腰伤让白叔不免感慨年纪大了,更忧心儿子白赢的未来。他怕游手好闲的白赢以后无法自立。白赢趁机提议卖掉祖屋,顿时点燃了白叔的怒火。那老房子承载的记忆与情感,远非年轻人所能理解。
车里的收音机忽然播报一则失物招领,丢失的身份证正是嘎子的奶奶李喜容。嘎子激动地赶往公交总站领回包裹,可惜最关键的地扯线索依旧缺失。同一时间,邱鹏飞也听到了广播,这才惊觉母亲已到北京。他安顿好谢丽莎后急忙赶到车站,却与嘎子擦肩而过,且未留下任何联系方式。焦急的邱鹏飞开着车漫无目的地寻找,车站、街巷、母亲可能出现的每个角落都寻遍了,却始终一无所获。

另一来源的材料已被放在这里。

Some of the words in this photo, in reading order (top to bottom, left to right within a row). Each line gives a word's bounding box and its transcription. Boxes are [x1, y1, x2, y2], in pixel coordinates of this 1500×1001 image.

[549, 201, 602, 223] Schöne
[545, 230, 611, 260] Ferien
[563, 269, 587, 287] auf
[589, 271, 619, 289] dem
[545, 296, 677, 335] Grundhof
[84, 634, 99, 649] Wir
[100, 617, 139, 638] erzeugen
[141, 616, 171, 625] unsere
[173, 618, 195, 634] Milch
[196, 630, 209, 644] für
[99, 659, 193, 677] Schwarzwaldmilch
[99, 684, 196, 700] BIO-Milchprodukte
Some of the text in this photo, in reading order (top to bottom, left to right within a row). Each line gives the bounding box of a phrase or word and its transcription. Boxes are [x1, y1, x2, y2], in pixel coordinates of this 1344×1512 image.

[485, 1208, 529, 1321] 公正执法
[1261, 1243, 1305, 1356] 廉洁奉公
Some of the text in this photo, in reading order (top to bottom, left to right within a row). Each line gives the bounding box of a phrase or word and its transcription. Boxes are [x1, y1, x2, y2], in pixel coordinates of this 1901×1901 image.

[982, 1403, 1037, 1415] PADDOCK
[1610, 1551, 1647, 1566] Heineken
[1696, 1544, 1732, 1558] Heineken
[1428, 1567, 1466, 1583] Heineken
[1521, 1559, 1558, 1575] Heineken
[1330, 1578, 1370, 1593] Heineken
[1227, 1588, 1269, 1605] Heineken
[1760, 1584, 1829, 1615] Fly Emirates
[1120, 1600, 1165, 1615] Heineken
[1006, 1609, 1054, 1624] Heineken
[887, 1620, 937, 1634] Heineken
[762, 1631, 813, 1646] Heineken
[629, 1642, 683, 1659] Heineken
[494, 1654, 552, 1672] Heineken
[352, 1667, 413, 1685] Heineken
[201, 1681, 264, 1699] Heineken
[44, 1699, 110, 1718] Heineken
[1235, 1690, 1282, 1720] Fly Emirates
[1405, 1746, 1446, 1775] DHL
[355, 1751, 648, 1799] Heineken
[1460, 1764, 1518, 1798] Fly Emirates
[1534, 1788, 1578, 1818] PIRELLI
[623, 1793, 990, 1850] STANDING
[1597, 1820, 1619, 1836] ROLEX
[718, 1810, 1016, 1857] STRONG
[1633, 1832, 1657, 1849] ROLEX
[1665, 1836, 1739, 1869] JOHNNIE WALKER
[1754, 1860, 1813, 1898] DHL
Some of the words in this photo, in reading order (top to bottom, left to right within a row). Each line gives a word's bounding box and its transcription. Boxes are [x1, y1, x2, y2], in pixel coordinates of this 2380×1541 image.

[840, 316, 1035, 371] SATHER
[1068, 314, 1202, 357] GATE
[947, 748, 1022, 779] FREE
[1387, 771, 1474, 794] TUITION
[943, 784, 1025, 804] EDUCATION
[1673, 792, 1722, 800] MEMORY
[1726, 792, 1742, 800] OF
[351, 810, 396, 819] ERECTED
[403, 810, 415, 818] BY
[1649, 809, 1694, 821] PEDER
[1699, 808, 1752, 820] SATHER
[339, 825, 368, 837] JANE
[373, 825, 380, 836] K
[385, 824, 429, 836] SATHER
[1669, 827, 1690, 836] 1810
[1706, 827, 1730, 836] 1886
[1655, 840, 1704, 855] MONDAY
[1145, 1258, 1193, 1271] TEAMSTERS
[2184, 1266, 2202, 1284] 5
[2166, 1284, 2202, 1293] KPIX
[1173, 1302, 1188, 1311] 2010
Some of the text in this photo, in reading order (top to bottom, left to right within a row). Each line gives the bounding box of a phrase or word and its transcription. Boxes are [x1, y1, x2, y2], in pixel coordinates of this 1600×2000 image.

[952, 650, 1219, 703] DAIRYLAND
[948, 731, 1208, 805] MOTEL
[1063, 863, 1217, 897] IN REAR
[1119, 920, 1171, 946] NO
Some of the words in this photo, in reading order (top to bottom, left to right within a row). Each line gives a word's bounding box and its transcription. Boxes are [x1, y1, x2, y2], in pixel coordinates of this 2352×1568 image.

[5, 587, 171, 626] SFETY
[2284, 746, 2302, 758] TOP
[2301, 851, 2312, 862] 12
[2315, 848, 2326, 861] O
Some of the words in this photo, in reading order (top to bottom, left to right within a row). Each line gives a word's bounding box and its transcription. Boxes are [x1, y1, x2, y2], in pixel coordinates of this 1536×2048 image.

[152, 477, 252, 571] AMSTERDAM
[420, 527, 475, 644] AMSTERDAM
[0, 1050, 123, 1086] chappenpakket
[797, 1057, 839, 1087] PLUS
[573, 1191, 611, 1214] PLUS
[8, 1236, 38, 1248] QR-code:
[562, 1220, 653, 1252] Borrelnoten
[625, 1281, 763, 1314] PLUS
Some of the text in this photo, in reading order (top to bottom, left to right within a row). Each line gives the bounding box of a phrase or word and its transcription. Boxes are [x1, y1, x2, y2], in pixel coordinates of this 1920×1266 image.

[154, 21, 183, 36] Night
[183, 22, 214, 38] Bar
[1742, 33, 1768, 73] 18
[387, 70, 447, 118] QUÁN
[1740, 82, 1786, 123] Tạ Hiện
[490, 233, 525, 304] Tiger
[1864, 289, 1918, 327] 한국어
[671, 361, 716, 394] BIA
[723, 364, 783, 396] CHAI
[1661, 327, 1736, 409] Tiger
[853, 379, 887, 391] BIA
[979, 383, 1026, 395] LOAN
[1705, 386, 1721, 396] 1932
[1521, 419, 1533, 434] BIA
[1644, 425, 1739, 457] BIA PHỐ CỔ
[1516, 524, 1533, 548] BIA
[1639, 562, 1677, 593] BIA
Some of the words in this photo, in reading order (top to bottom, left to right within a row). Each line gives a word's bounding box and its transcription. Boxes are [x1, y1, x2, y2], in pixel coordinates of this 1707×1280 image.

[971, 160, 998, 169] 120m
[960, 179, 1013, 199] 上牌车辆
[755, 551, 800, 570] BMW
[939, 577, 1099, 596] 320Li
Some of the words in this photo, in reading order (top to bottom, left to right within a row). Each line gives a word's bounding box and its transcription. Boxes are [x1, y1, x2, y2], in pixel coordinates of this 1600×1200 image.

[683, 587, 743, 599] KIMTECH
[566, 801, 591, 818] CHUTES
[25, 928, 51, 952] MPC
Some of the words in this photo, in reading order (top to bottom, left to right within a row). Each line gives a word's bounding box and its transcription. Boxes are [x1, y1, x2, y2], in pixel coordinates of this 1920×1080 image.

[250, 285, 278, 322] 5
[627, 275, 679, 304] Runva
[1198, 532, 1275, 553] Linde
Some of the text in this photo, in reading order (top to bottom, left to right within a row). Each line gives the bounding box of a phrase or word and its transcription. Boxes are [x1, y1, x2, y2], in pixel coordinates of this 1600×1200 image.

白赢带着嘎子回到台球厅。尽管治安明令禁止赌博,白赢却经不住杨哥的激将,掏出钱参与赌球。另一头,钟雨萱再次拦在君美公司贺总的车前。被多次推诿的她这次异常坚决,摆出不追回欠款决不罢休的姿态。贺总意外地态度软化,带她出席酒局,承诺只要帮忙搞定台湾客户便立即结款。单纯的钟雨萱跟着前往,在酒桌上被灌得意识模糊,最后被贺总带进了事先开好的房间。